>>>>>

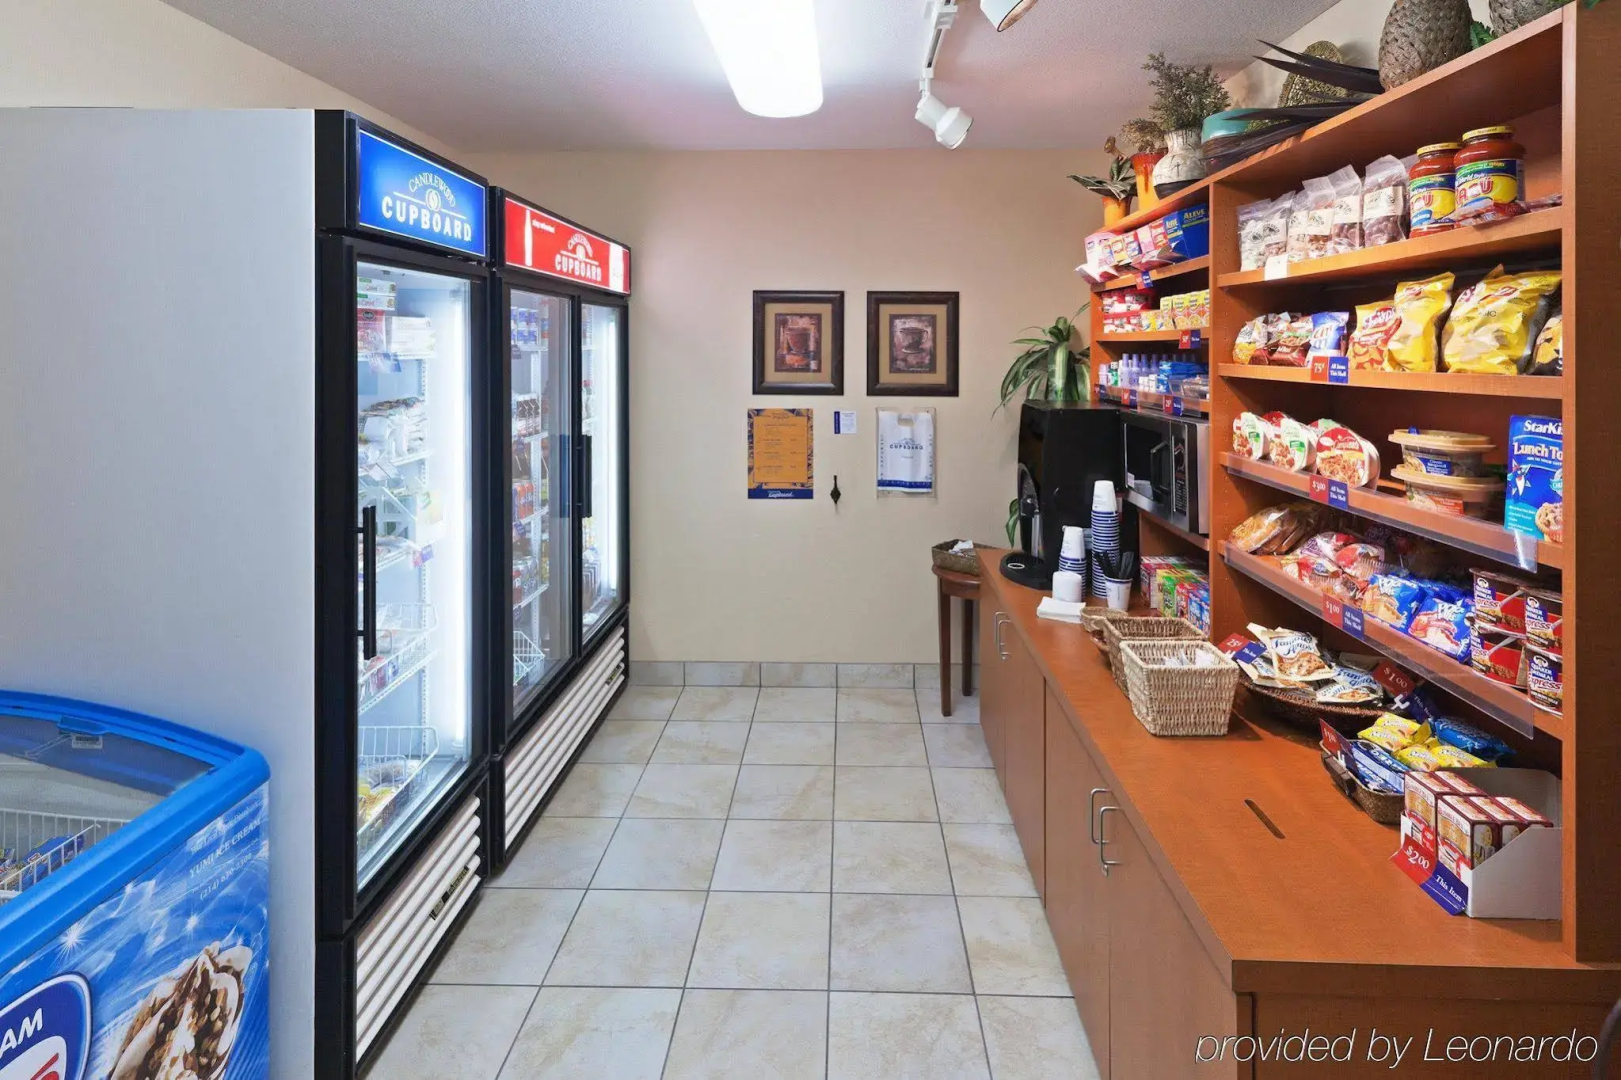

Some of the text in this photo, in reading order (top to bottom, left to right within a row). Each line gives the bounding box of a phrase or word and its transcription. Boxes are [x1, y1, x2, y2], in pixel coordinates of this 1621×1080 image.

[382, 196, 472, 241] CUPBOARD
[555, 254, 602, 282] CUPBOARD
[1523, 420, 1563, 436] StarKi
[1512, 441, 1549, 458] Lunch
[1531, 662, 1553, 675] QUAKER
[215, 842, 231, 859] ICE
[231, 818, 261, 845] CREAM
[1406, 845, 1430, 869] $200
[1436, 874, 1462, 903] This Item

<<<<<

EXERCISE BRIEF:
Output all of the records word for word, and keep the pictures out of the copy.

YOUR SOLUTION:
Some of the text in this photo, in reading order (top to bottom, left to right within a row). Each line gives the bounding box of a phrase or word and its transcription. Boxes are [x1, y1, x2, y2], in pixel coordinates of this 1621×1080 image.

[382, 196, 472, 241] CUPBOARD
[555, 254, 602, 282] CUPBOARD
[1523, 420, 1563, 436] StarKi
[1512, 441, 1549, 458] Lunch
[1531, 662, 1553, 675] QUAKER
[215, 842, 231, 859] ICE
[231, 818, 261, 845] CREAM
[1406, 845, 1430, 869] $200
[1436, 874, 1462, 903] This Item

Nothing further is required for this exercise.